Objective(s): The aim of the study was to evaluate the clinical effectiveness and long-term durability of Roux-en-Y Gastric Bypass (RYGB) at an accredited center.
Background: Short-term data have established the effectiveness of RYGB for weight loss and comorbidity amelioration. The long-term durability of this operation remains infrequently described in the American population.

Methods: All patients (N = 1087) undergoing RYGB at a single institution over a 20-year study period (1985–2004) were evaluated.
 Univariate differences in preoperative comorbidities, operative characteristics (laparoscopic vs. open), postoperative complications, annual weight loss, and current comorbidities were analyzed to establish trends and outcomes 10 years after surgery.

Results: 
Among 1087 RYGB patients, 651 (60%) had complete 10-year follow-up, including 335 open RYGB and 316 laparoscopic RYGB.

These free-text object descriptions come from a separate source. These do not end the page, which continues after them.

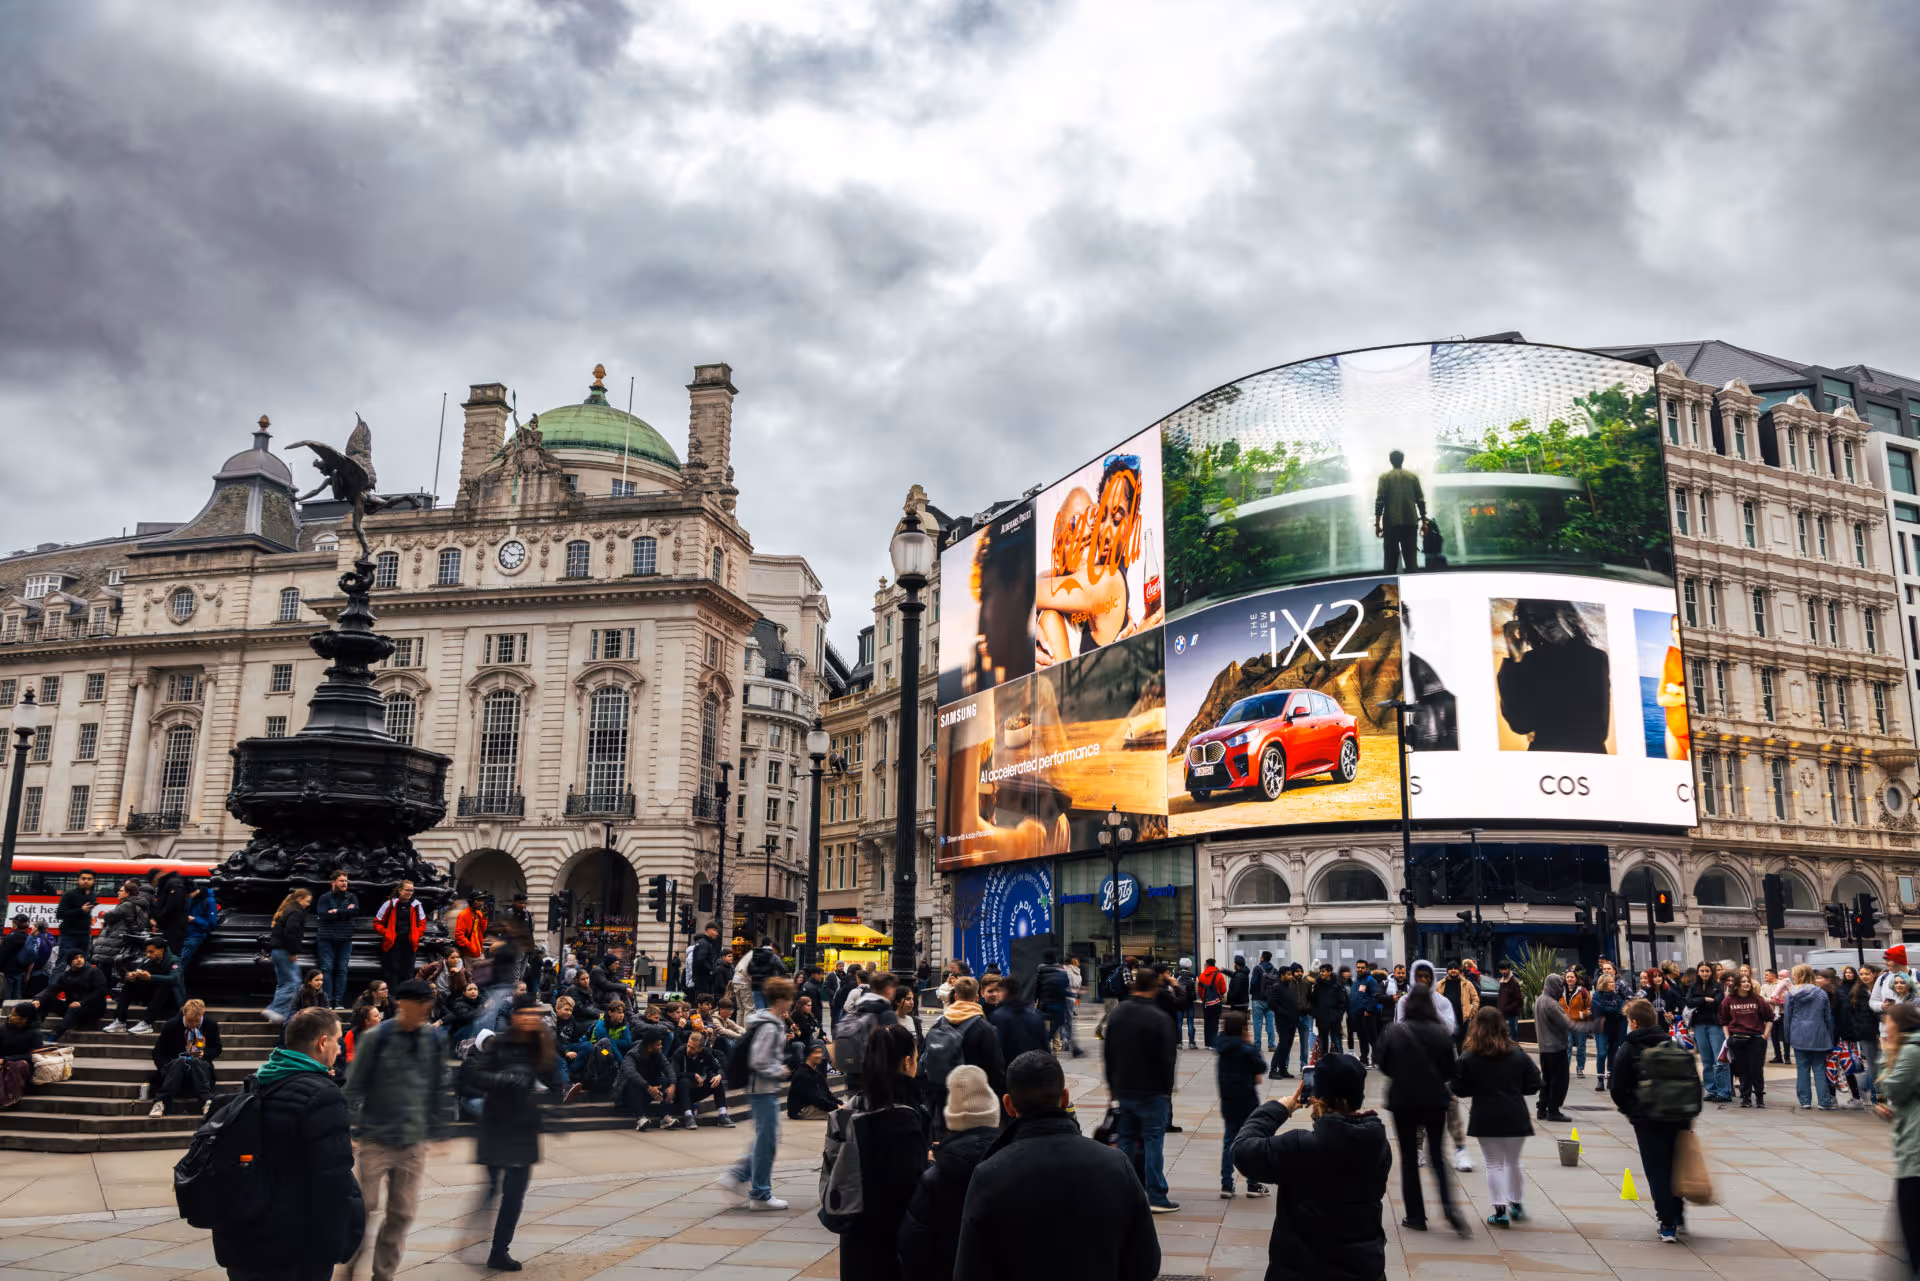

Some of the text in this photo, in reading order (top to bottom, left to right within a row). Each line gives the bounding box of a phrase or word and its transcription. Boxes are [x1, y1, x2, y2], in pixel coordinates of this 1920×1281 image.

[1250, 613, 1258, 638] THE
[1260, 611, 1268, 638] NEW
[1269, 599, 1369, 668] iX2
[940, 703, 977, 728] SAMSUNG
[988, 758, 1037, 783] accelerated
[1038, 743, 1100, 774] performance
[1539, 775, 1590, 796] COS
[991, 896, 1000, 923] WITH
[997, 876, 1007, 894] YOU
[1147, 884, 1177, 898] beauty
[15, 904, 37, 914] Gut
[1009, 900, 1037, 936] PICCADILLY
[980, 920, 988, 966] BEATING

 Patients undergoing open RYGB had a higher preoperative body mass index. Otherwise, preoperative characteristics were similar. 
 Postoperative incisional hernia rates were expectedly higher in open (vs laparoscopic) RYGB (16.9% vs 4.7%; P = 0.02).
 Annual % reduction in excess body mass index significantly improved over time, peaking at 74% by 24 months, with a slow trend down to 52% at 10 years. 
Importantly, a highly significant decrease in obesity-related comorbid disease persisted at 10 years of follow-up after RYGB.

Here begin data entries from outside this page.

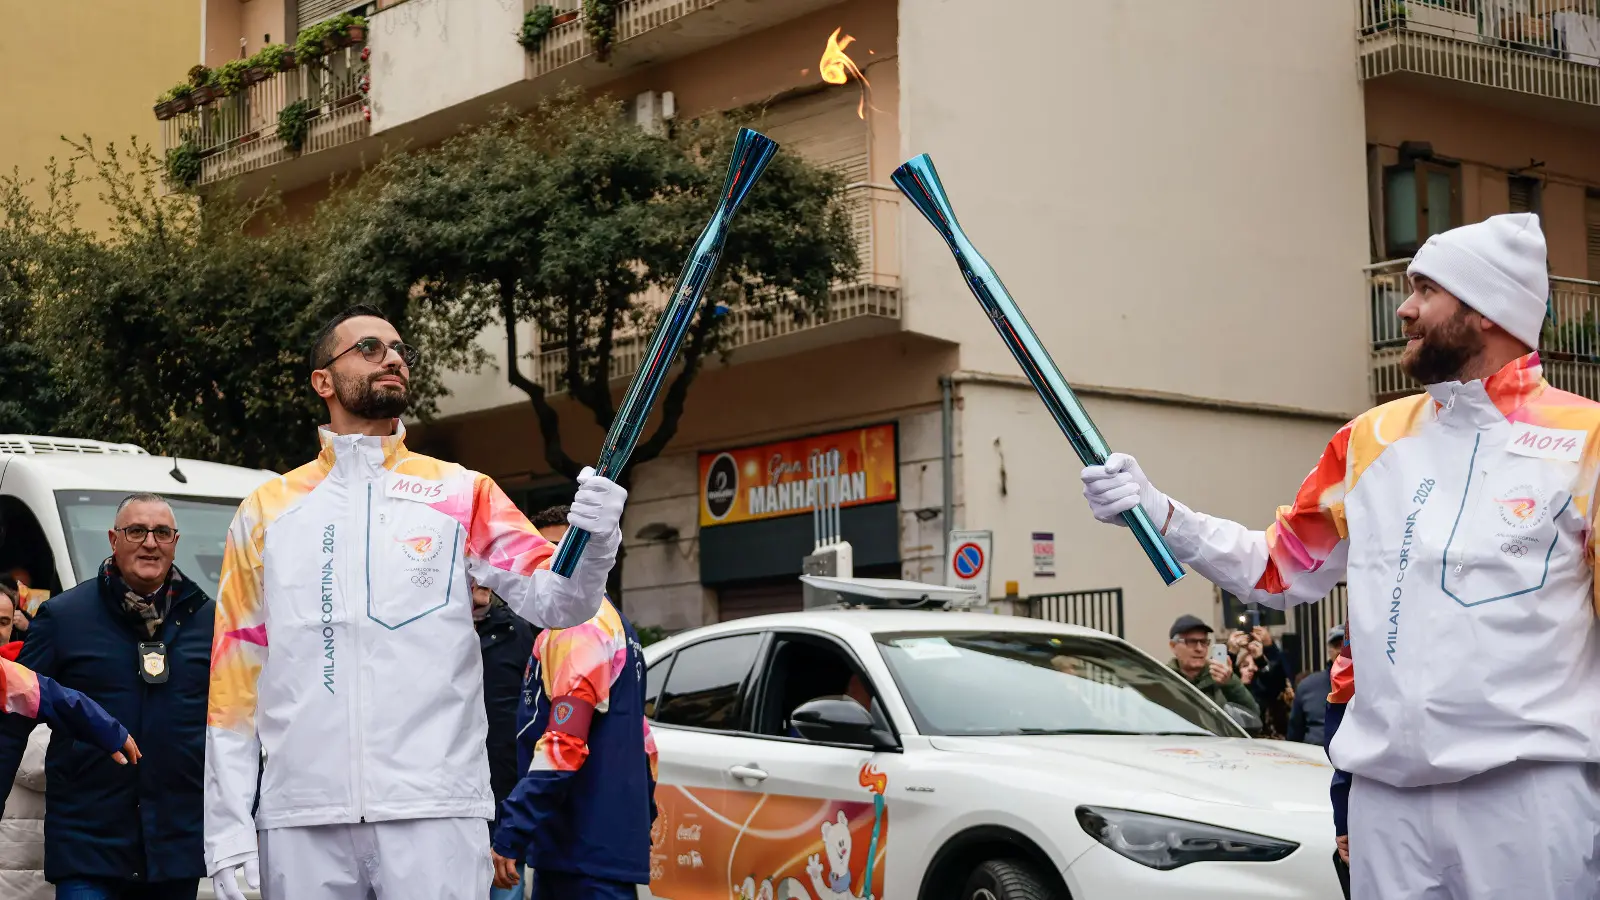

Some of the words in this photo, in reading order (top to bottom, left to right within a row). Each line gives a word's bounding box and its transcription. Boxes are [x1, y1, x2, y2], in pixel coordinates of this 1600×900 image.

[322, 523, 335, 554] 2026
[1386, 586, 1402, 666] MILANO
[1396, 508, 1422, 583] CORTINA
[1412, 477, 1436, 505] 2026
[321, 557, 334, 624] CORTINA
[323, 626, 335, 695] MILANO
[677, 852, 692, 866] eni
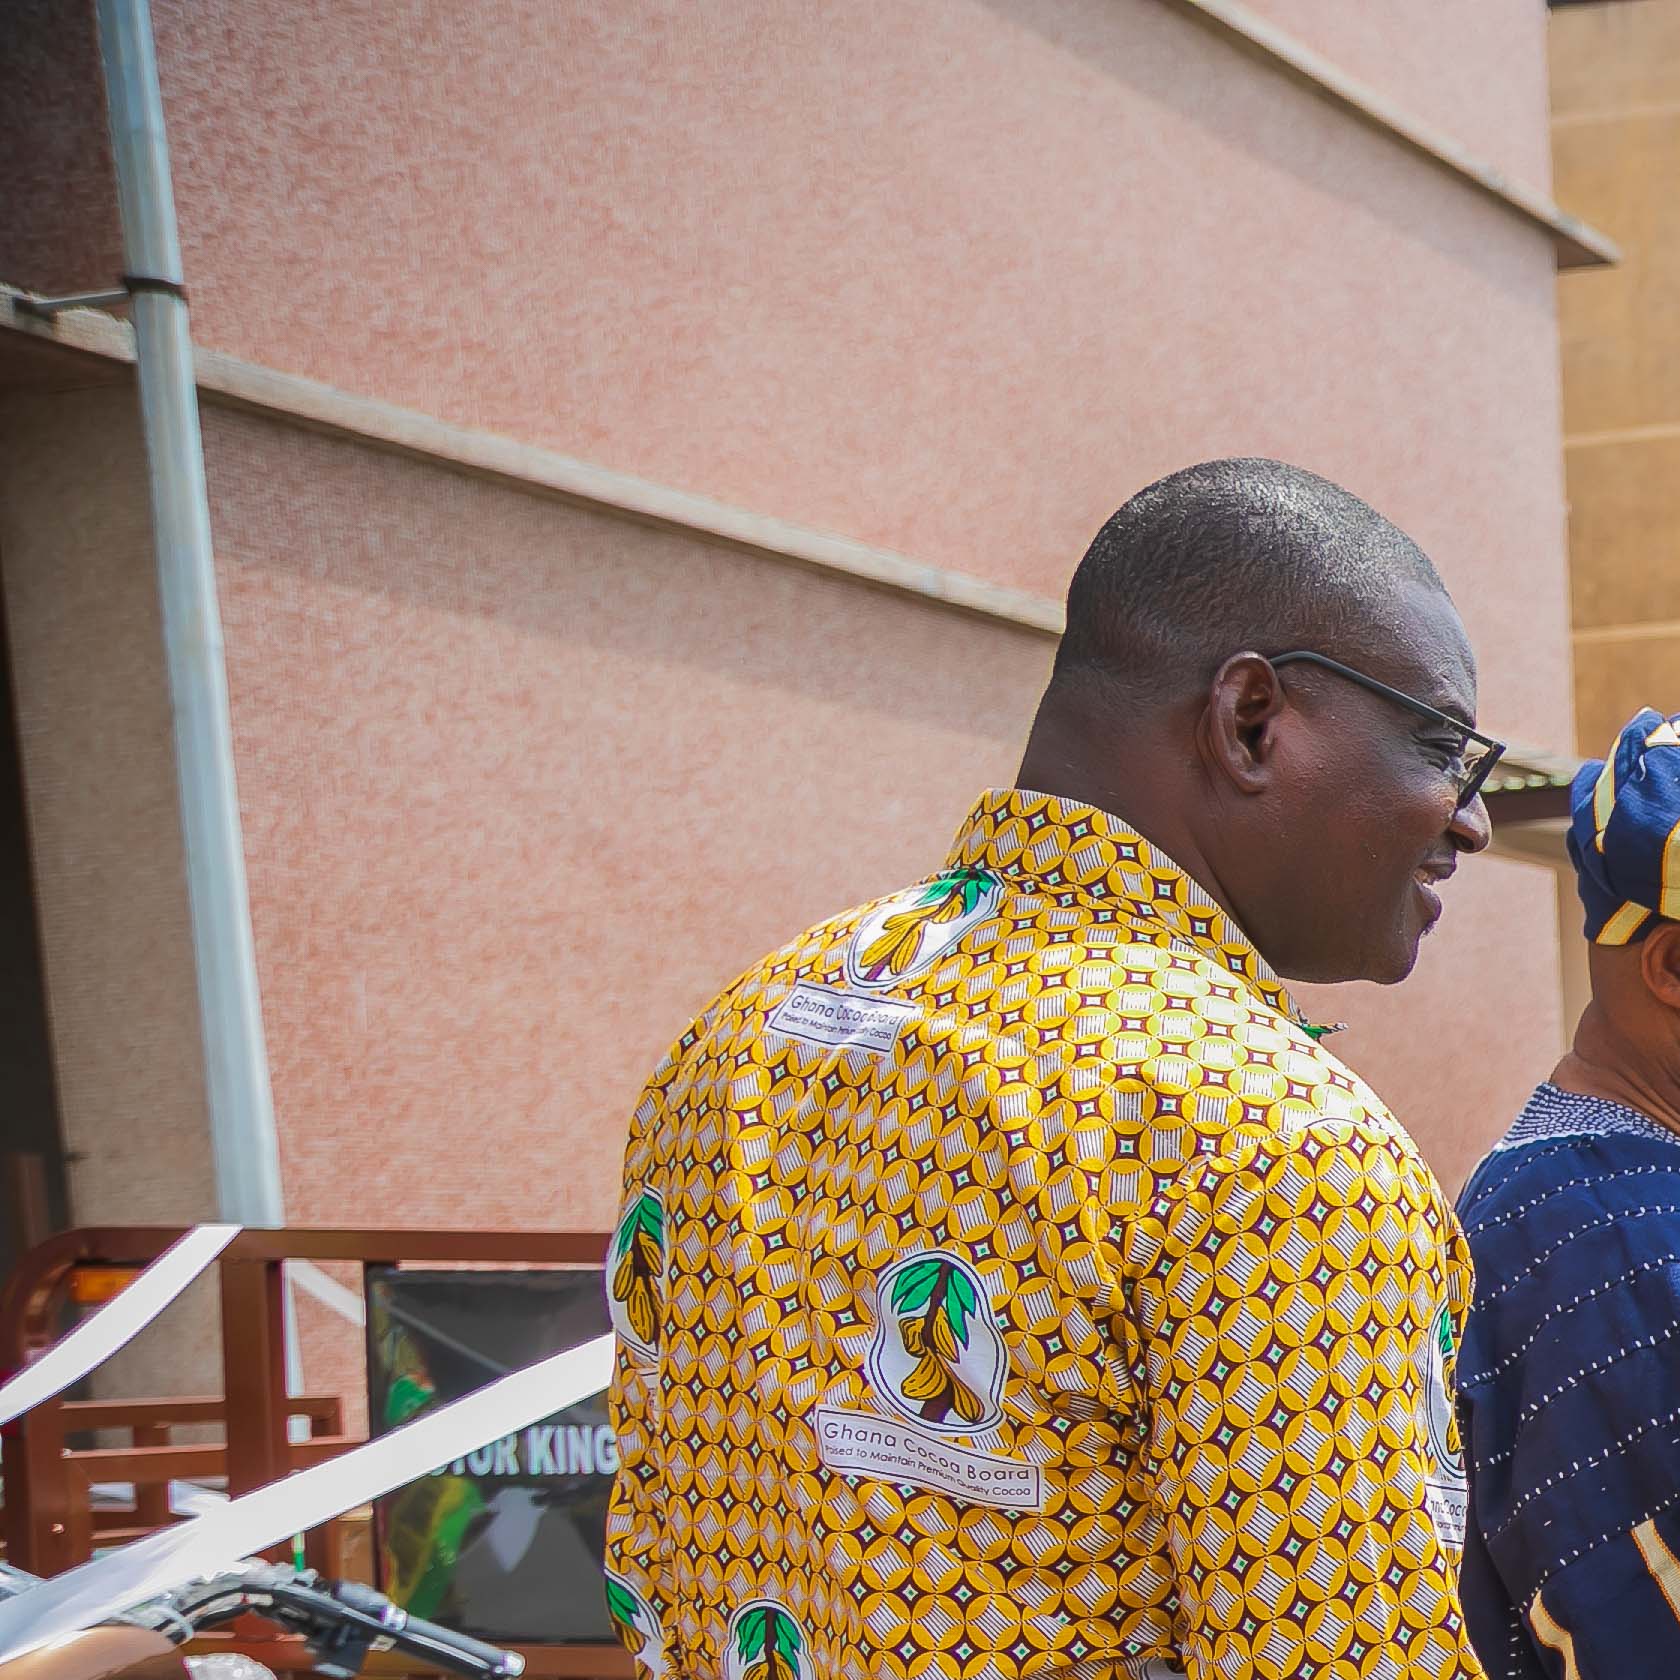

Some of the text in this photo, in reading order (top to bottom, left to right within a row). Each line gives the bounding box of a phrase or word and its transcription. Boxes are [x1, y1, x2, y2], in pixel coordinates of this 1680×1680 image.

[791, 995, 835, 1018] Ghana
[527, 1424, 620, 1475] KING
[823, 1422, 1030, 1482] Ghana Cocoa Board
[856, 1448, 867, 1458] to
[869, 1451, 916, 1469] Maintain
[917, 1462, 956, 1484] Premium
[992, 1485, 1031, 1496] Cocoa

Conclusions: Roux-en-Y Gastric Bypass remains an excellent and durable operation for long-term weight loss and treatment of obesity-related comorbid disease. 
Laparoscopic RYGB results in highly favorable outcomes with reduced incisional hernia rates. 
These 10-year data help to more clearly define long-term outcomes and demonstrate outstanding reduction in comorbid disease following RYGB.